» **Records provided**
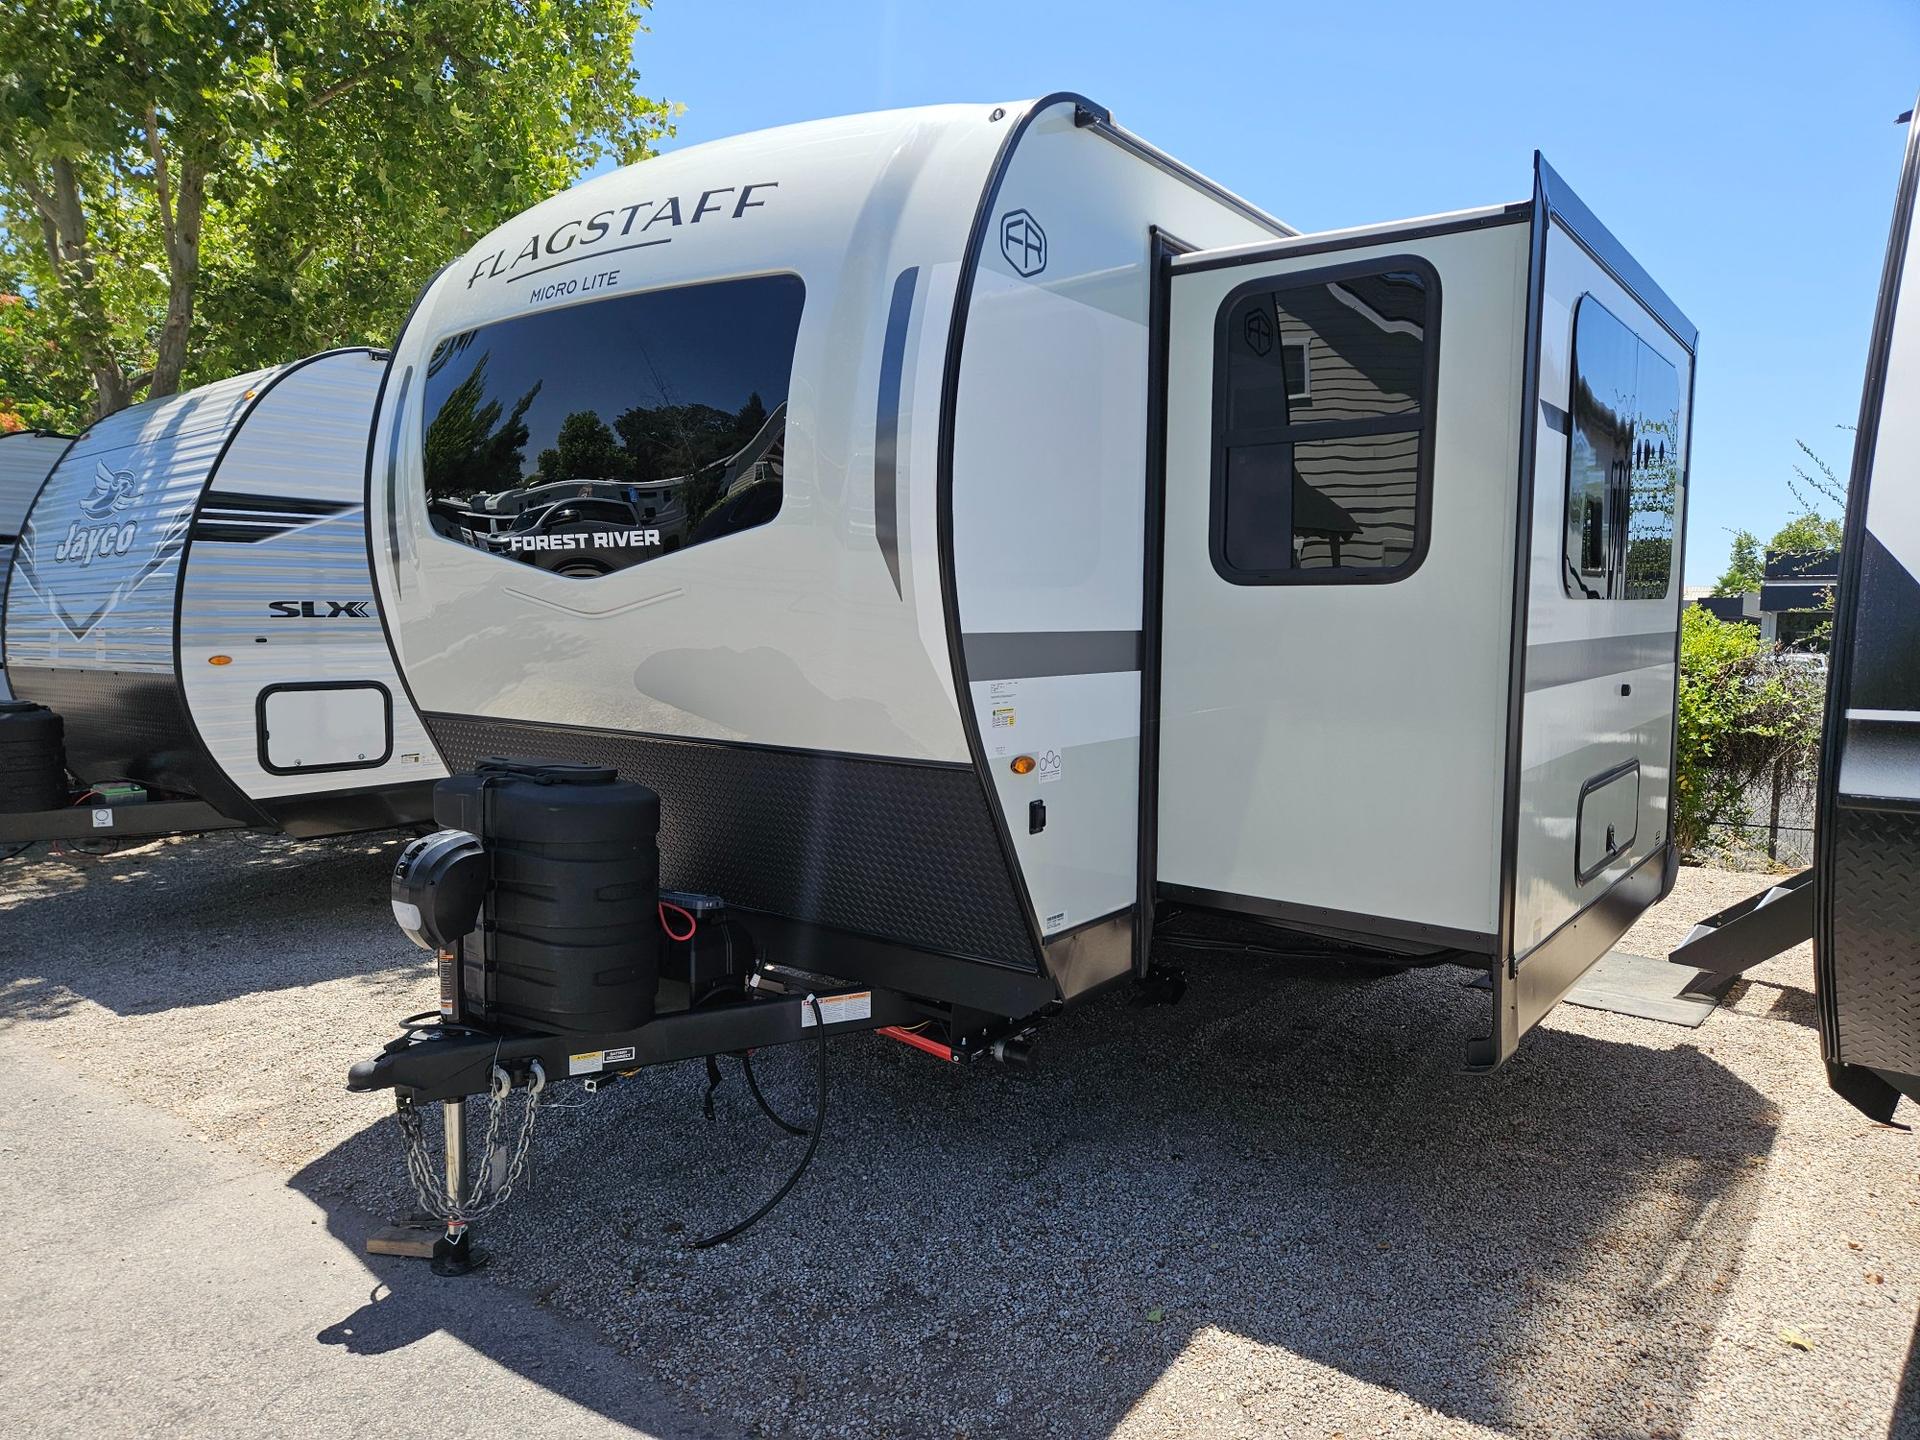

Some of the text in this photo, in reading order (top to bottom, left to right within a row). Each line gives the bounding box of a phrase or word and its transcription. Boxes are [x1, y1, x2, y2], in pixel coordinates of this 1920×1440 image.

[466, 181, 779, 290] FLAGSTAFF
[529, 270, 620, 304] MICRO LITE
[55, 519, 137, 568] Jayco
[510, 529, 661, 552] FOREST RIVER
[268, 600, 370, 618] SLX

» **To do**
Give back the whole listing exactly as it stands. Drop every picture.

» **Output**
Some of the text in this photo, in reading order (top to bottom, left to right within a row). Each line gives the bounding box of a phrase or word and its transcription. Boxes are [x1, y1, x2, y2], in pixel coordinates of this 1920×1440 image.

[466, 181, 779, 290] FLAGSTAFF
[529, 270, 620, 304] MICRO LITE
[55, 519, 137, 568] Jayco
[510, 529, 661, 552] FOREST RIVER
[268, 600, 370, 618] SLX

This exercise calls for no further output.